由于批量突变请求的产生速度快于其响应的产生速度,有时会导致过载情况,因此只要遇到BackpressureException,我们就会以指数级的延迟重试。

@Override
public void createBulk(Iterable<T> items) {
    AsyncBucket asyncBucket = bucket.async();
    Observable
      .from(items)
      .flatMap(new Func1<T, Observable<JsonDocument>>() {
          @SuppressWarnings("unchecked")
          @Override
          public Observable<JsonDocument> call(final T t) {
              if(t.getId() == null) {
                  t.setId(UUID.randomUUID().toString());
              }
              JsonDocument doc = converter.toDocument(t);
              return asyncBucket.insert(doc)
                .retryWhen(RetryBuilder
                  .anyOf(BackpressureException.class)
                  .delay(Delay.exponential(TimeUnit.MILLISECONDS, 100))
                  .max(10)
                  .build());
          }
      })
      .last()
      .toBlocking()
      .single();
}

3.3. Batch Update

3.3.批量更新

We use a similar mechanism in the updateBulk method:

我们在updateBulk方法中使用了一个类似的机制。

@Override
public void updateBulk(Iterable<T> items) {
    AsyncBucket asyncBucket = bucket.async();
    Observable
      .from(items)
      .flatMap(new Func1<T, Observable<JsonDocument>>() {
          @SuppressWarnings("unchecked")
          @Override
          public Observable<JsonDocument> call(final T t) {
              JsonDocument doc = converter.toDocument(t);
              return asyncBucket.upsert(doc)
                .retryWhen(RetryBuilder
                  .anyOf(BackpressureException.class)
                  .delay(Delay.exponential(TimeUnit.MILLISECONDS, 100))
                  .max(10)
                  .build());
          }
      })
      .last()
      .toBlocking()
      .single();
}

3.4. Batch Delete

3.4.批量删除

And we write the deleteBulk method as follows:

而我们写的deleteBulk方法如下。

@Override
public void deleteBulk(Iterable<String> ids) {
    AsyncBucket asyncBucket = bucket.async();
    Observable
      .from(ids)
      .flatMap(new Func1<String, Observable<JsonDocument>>() {
          @SuppressWarnings("unchecked")
          @Override
          public Observable<JsonDocument> call(String key) {
              return asyncBucket.remove(key)
                .retryWhen(RetryBuilder
                  .anyOf(BackpressureException.class)
                  .delay(Delay.exponential(TimeUnit.MILLISECONDS, 100))
                  .max(10)
                  .build());
          }
      })
      .last()
      .toBlocking()
      .single();
}

4. PersonCrudService

4.PersonCrudService

Finally, we write a Spring service, PersonCrudService, that extends our AbstractCrudService for the Person entity.

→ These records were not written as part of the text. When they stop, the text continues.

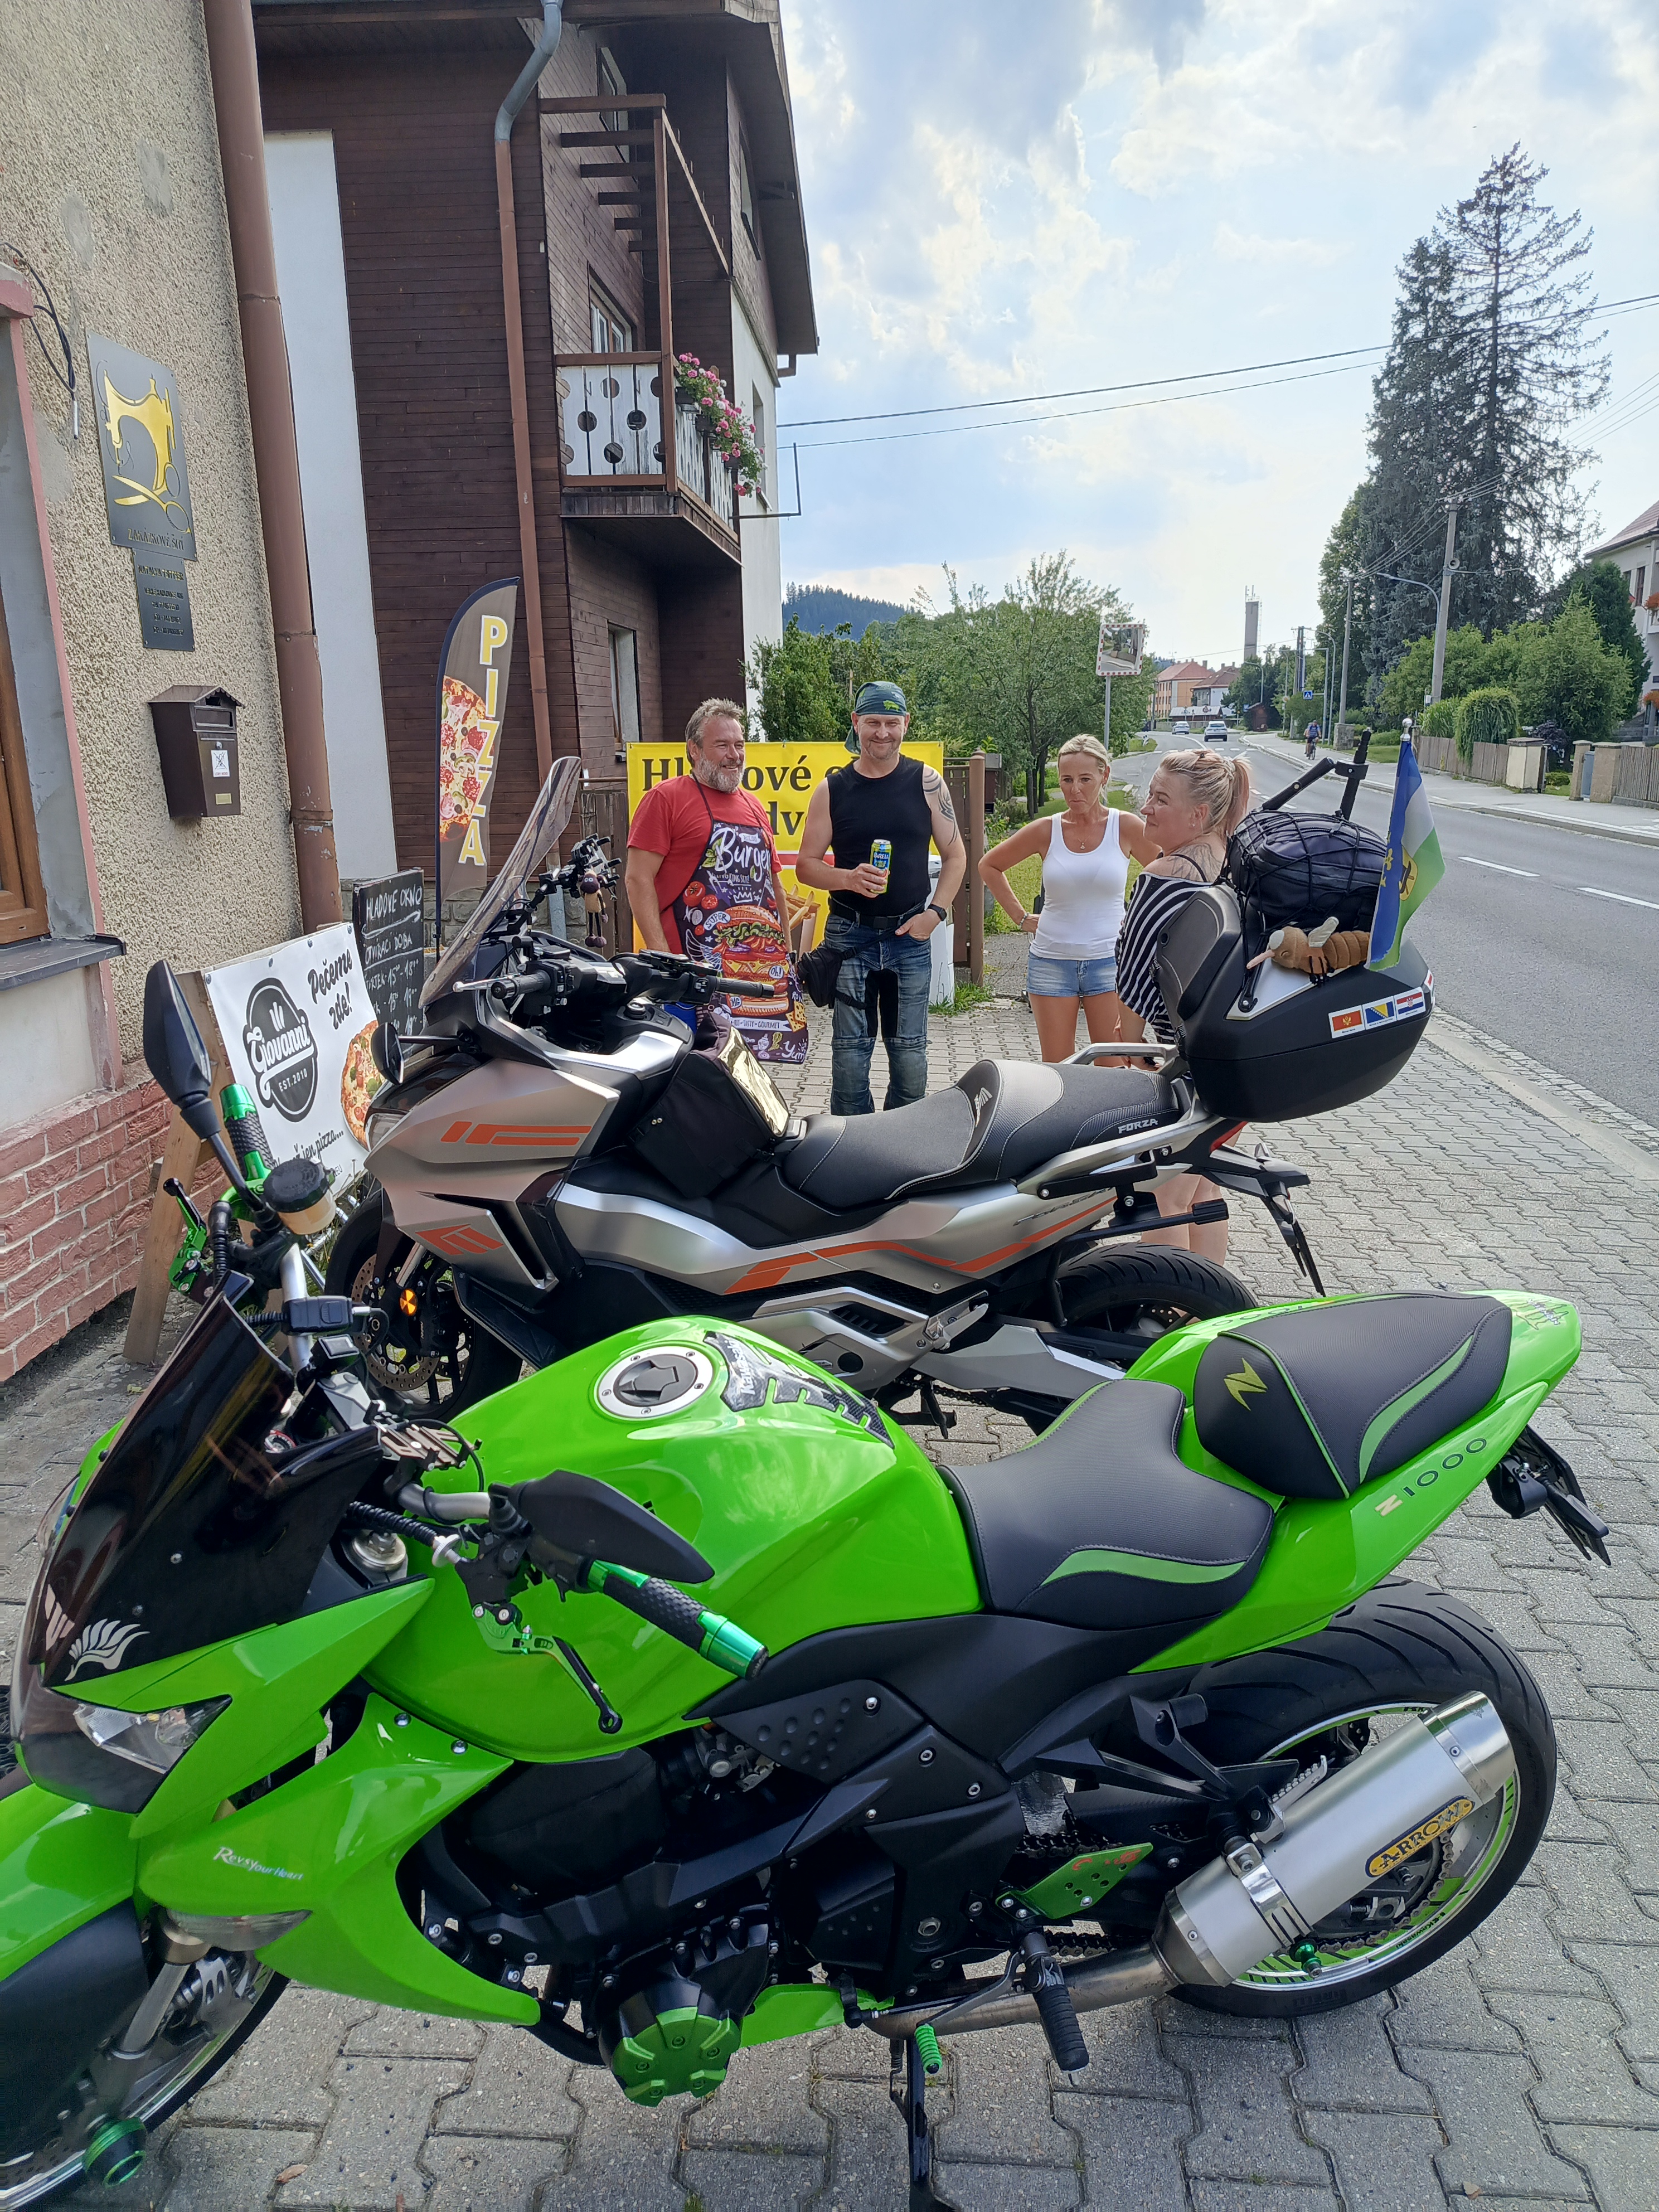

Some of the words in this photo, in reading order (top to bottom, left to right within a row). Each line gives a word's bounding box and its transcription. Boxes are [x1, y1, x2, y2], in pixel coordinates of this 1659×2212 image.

[458, 614, 508, 866] PIZZA
[642, 755, 812, 792] Hlové
[400, 884, 423, 907] OKNO
[705, 913, 727, 929] SUPER
[394, 932, 413, 950] DOBA
[308, 949, 352, 1004] Pečeme
[365, 970, 386, 991] TVRTEK
[329, 982, 352, 1030] zde!
[247, 1016, 311, 1073] Giovanni
[1118, 1118, 1158, 1134] FORZA
[1379, 1802, 1461, 1869] ARROW

最后,我们编写一个Spring服务,PersonCrudService,它为Person实体扩展了我们的AbstractCrudService

Since all of the Couchbase interaction is implemented in the abstract class, the implementation for an entity class is trivial, as we only need to ensure that all our dependencies are injected and our bucket loaded:

由于所有的Couchbase交互都是在抽象类中实现的,所以实体类的实现是微不足道的,因为我们只需要确保所有的依赖被注入和我们的桶被加载。

@Service
public class PersonCrudService extends AbstractCrudService<Person> {

    @Autowired
    public PersonCrudService(
      @Qualifier("TutorialBucketService") BucketService bucketService,
      PersonDocumentConverter converter) {
        super(bucketService, converter);
    }

    @PostConstruct
    private void init() {
        loadBucket();
    }
}

5. Conclusion

5.结论

The source code shown in this tutorial is available in the github project.

本教程中显示的源代码可在github项目中找到。

You can learn more about the Couchbase Java SDK at the official Couchbase developer documentation site.

您可以在官方的Couchbase开发者文档网站上了解更多关于Couchbase Java SDK的信息。